<<<<

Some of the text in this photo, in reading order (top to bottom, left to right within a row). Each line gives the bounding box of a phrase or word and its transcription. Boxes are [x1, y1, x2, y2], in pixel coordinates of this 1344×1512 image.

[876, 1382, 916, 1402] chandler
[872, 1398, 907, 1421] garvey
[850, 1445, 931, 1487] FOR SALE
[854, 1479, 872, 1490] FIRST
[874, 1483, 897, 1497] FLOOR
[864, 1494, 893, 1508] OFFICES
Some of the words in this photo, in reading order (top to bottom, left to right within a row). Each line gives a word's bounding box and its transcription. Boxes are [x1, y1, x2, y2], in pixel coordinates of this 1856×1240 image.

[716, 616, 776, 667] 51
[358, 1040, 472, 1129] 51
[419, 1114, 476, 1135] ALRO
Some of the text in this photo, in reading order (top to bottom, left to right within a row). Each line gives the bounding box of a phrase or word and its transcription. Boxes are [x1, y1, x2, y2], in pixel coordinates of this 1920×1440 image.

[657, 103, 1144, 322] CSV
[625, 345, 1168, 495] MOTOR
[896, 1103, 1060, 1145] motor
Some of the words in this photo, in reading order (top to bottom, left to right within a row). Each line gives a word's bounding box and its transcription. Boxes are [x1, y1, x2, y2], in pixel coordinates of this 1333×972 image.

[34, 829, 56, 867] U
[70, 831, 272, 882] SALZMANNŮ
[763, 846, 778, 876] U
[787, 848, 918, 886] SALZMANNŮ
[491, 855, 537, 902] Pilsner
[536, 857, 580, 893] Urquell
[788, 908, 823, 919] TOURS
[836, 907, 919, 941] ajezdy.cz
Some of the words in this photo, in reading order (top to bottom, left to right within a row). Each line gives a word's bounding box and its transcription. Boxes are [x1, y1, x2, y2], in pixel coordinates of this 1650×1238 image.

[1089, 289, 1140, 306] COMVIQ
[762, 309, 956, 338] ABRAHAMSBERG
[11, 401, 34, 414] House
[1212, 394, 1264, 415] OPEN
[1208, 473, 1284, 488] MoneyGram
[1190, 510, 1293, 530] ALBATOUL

>>>>

WHAT IS EXPECTED: Each line of the material above must be reproduced exactly.

SOLUTION TO THIS EXERCISE:
Some of the text in this photo, in reading order (top to bottom, left to right within a row). Each line gives the bounding box of a phrase or word and its transcription. Boxes are [x1, y1, x2, y2], in pixel coordinates of this 1344×1512 image.

[876, 1382, 916, 1402] chandler
[872, 1398, 907, 1421] garvey
[850, 1445, 931, 1487] FOR SALE
[854, 1479, 872, 1490] FIRST
[874, 1483, 897, 1497] FLOOR
[864, 1494, 893, 1508] OFFICES
Some of the words in this photo, in reading order (top to bottom, left to right within a row). Each line gives a word's bounding box and its transcription. Boxes are [x1, y1, x2, y2], in pixel coordinates of this 1856×1240 image.

[716, 616, 776, 667] 51
[358, 1040, 472, 1129] 51
[419, 1114, 476, 1135] ALRO
Some of the text in this photo, in reading order (top to bottom, left to right within a row). Each line gives the bounding box of a phrase or word and its transcription. Boxes are [x1, y1, x2, y2], in pixel coordinates of this 1920×1440 image.

[657, 103, 1144, 322] CSV
[625, 345, 1168, 495] MOTOR
[896, 1103, 1060, 1145] motor
Some of the words in this photo, in reading order (top to bottom, left to right within a row). Each line gives a word's bounding box and its transcription. Boxes are [x1, y1, x2, y2], in pixel coordinates of this 1333×972 image.

[34, 829, 56, 867] U
[70, 831, 272, 882] SALZMANNŮ
[763, 846, 778, 876] U
[787, 848, 918, 886] SALZMANNŮ
[491, 855, 537, 902] Pilsner
[536, 857, 580, 893] Urquell
[788, 908, 823, 919] TOURS
[836, 907, 919, 941] ajezdy.cz
Some of the words in this photo, in reading order (top to bottom, left to right within a row). Each line gives a word's bounding box and its transcription. Boxes are [x1, y1, x2, y2], in pixel coordinates of this 1650×1238 image.

[1089, 289, 1140, 306] COMVIQ
[762, 309, 956, 338] ABRAHAMSBERG
[11, 401, 34, 414] House
[1212, 394, 1264, 415] OPEN
[1208, 473, 1284, 488] MoneyGram
[1190, 510, 1293, 530] ALBATOUL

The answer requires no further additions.